El punto es vital: el fast track, por un lado, reduce de manera aguda el debate democrático, por el otro, restringe sustantivamente las competencias del Congreso y, finalmente, le da poderes exorbitantes al Presidente. Para semejante paquete, que como mínimo roza la sustitución constitucional, hubo una justificación discutible pero entendible en la implementación del pacto con las Farc. Ahora no tiene absolutamente ninguna. Supondría una ruptura peligrosísima del equilibrio entre los poderes públicos y un reforzamiento caprichoso y muy riesgoso del poder ejecutivo en cabeza de un presidente con clarísimas tendencias megalómanas y autoritarias.
La incomodidad de Petro con los congresistas es patente. Por supuesto, le encantaría neutralizar al Congreso, debilitar su capacidad de control político y de contrapeso para sus propuestas, y controlar férreamente el legislativo, como ocurriría si le aprobaran el fast track que quiere. Pero creo que sabe que la iniciativa, si es que la presenta al Congreso y no es otro anuncio que jamás se concreta, no tiene posibilidad de éxito.
¿Por qué, entonces, la propuesta? Porque Petro y la izquierda tienen claro que la asamblea nacional constituyente tiene un amplísimo rechazo entre los ciudadanos y no va. Y, no hay contradicción, porque plantear el fast track le es útil en la búsqueda de los mismos objetivos para los que le ha servido la constituyente: le permite, una vez más, determinar la agenda pública; evita que la opinión centre su atención en la corrupción y los escándalos que se suceden sin pausa día tras día; esconde el ostensible fracaso de su gobierno en todos los frentes, desde la economía hasta la seguridad.
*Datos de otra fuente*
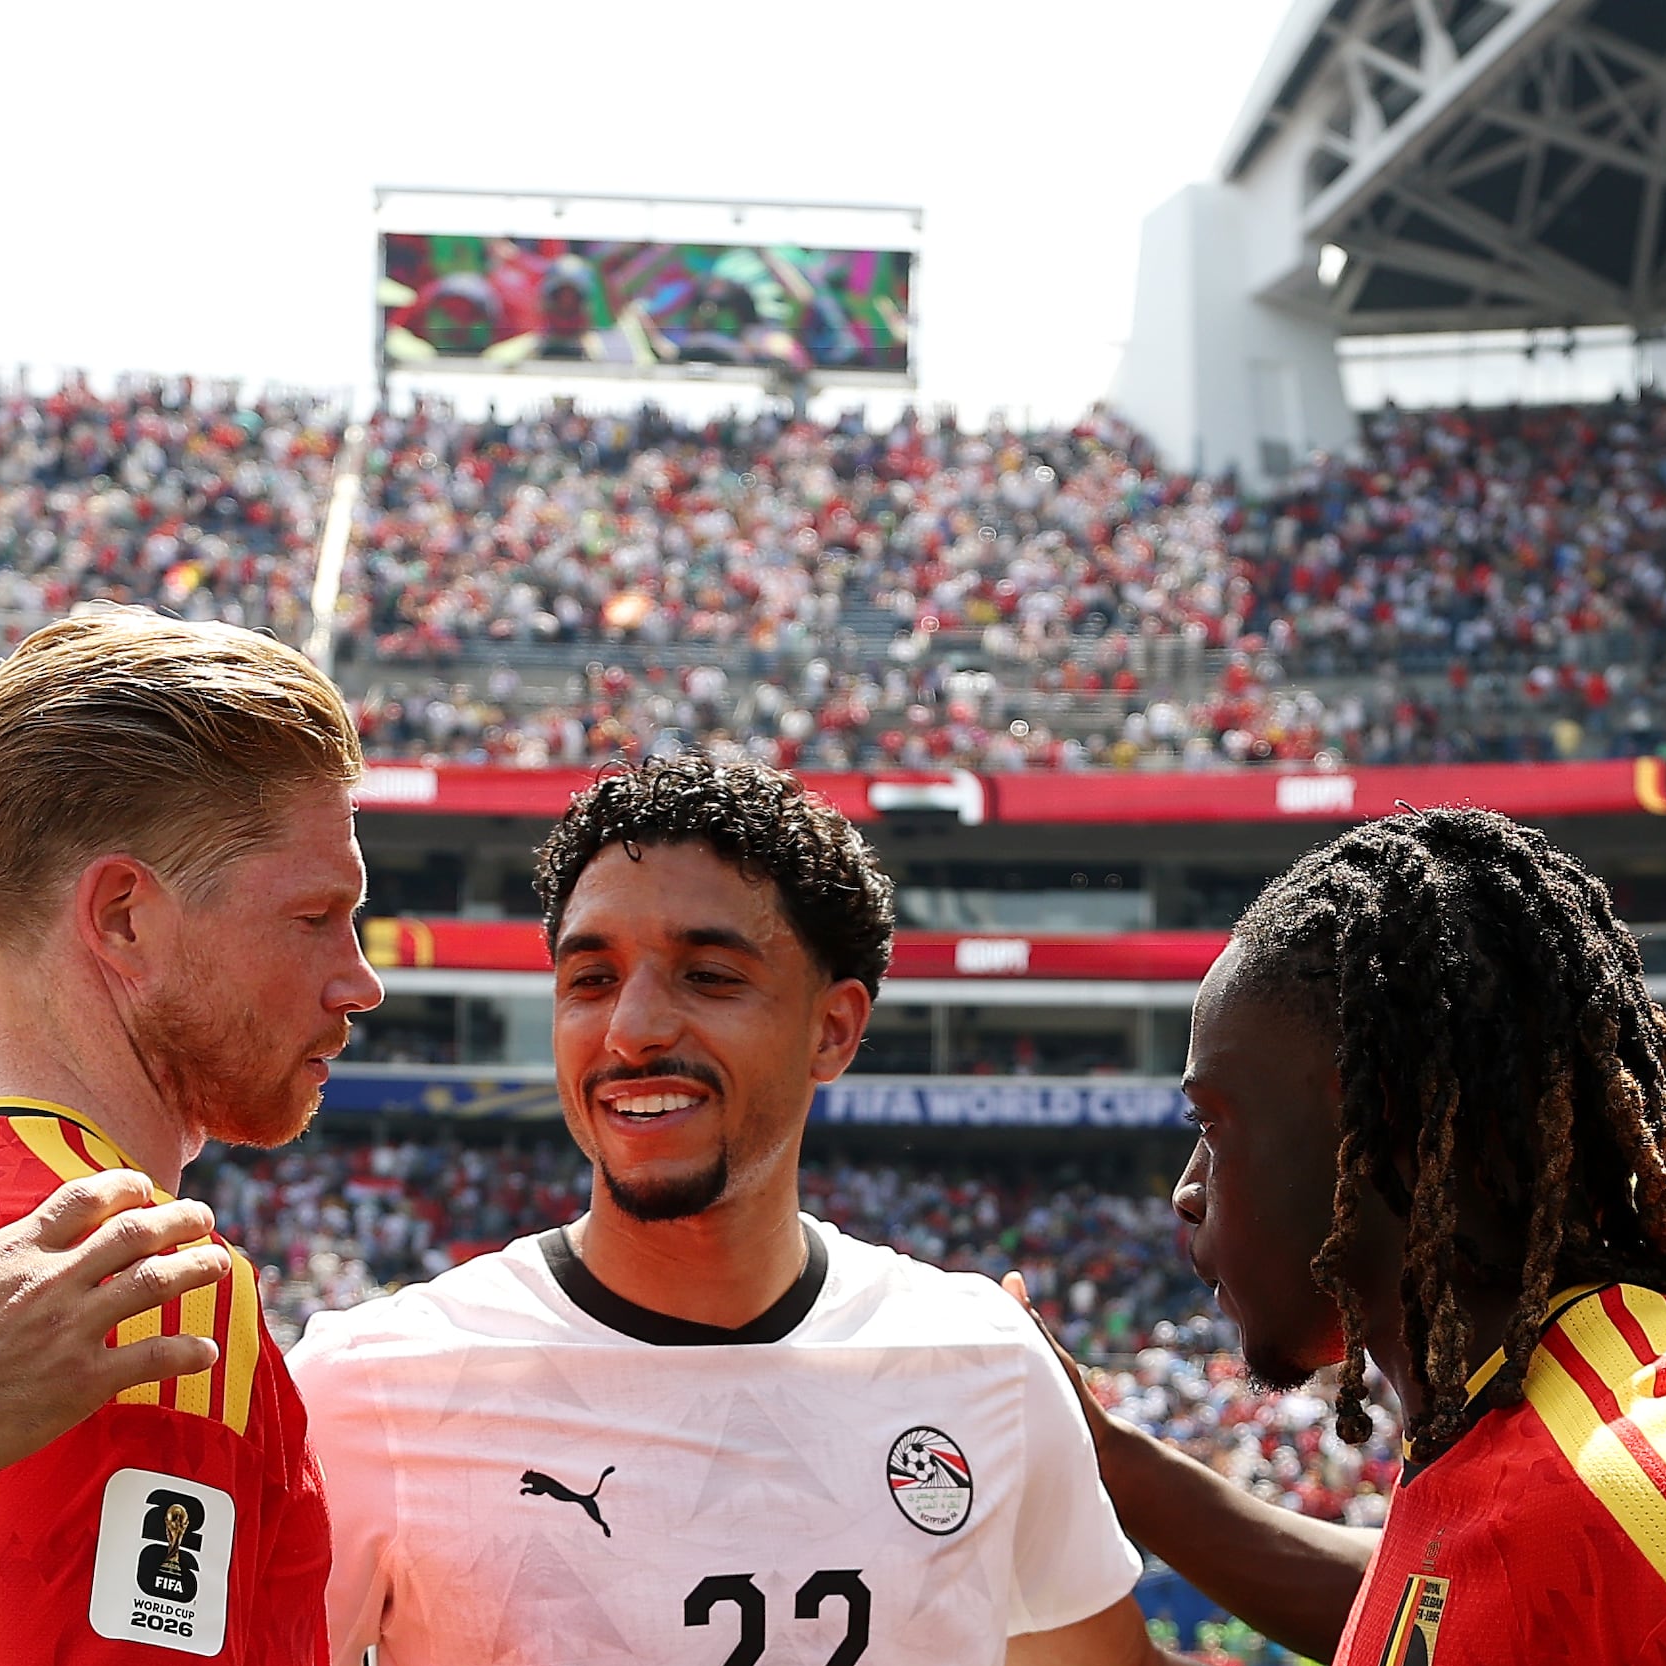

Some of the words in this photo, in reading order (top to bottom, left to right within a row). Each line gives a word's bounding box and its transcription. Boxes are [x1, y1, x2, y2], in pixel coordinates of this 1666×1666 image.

Pero, sobretodo, el fast track, como la constituyente, le sirven para excusar el naufragio del cambio y para preparar el 2026. En ese discurso, la culpa del desastre que vivimos no es de un gobierno pésimo, venal y putrefacto sino de las instituciones y de las normas que han impedido “el cambio” prometido. Y las elecciones serán un enfrentamiento, cada vez más polarizado, entre los que quieren ese cambio y los que defienden el statu quo, entre los progresistas y los inmovilistas, y, paradoja, lo nuevo es el regreso al pasado, entre quienes quieren la paz y los que buscan que siga la sangre y la violencia. El reto de los demócratas será salirse de ese entuerto, de esa planteamiento falso, embustero.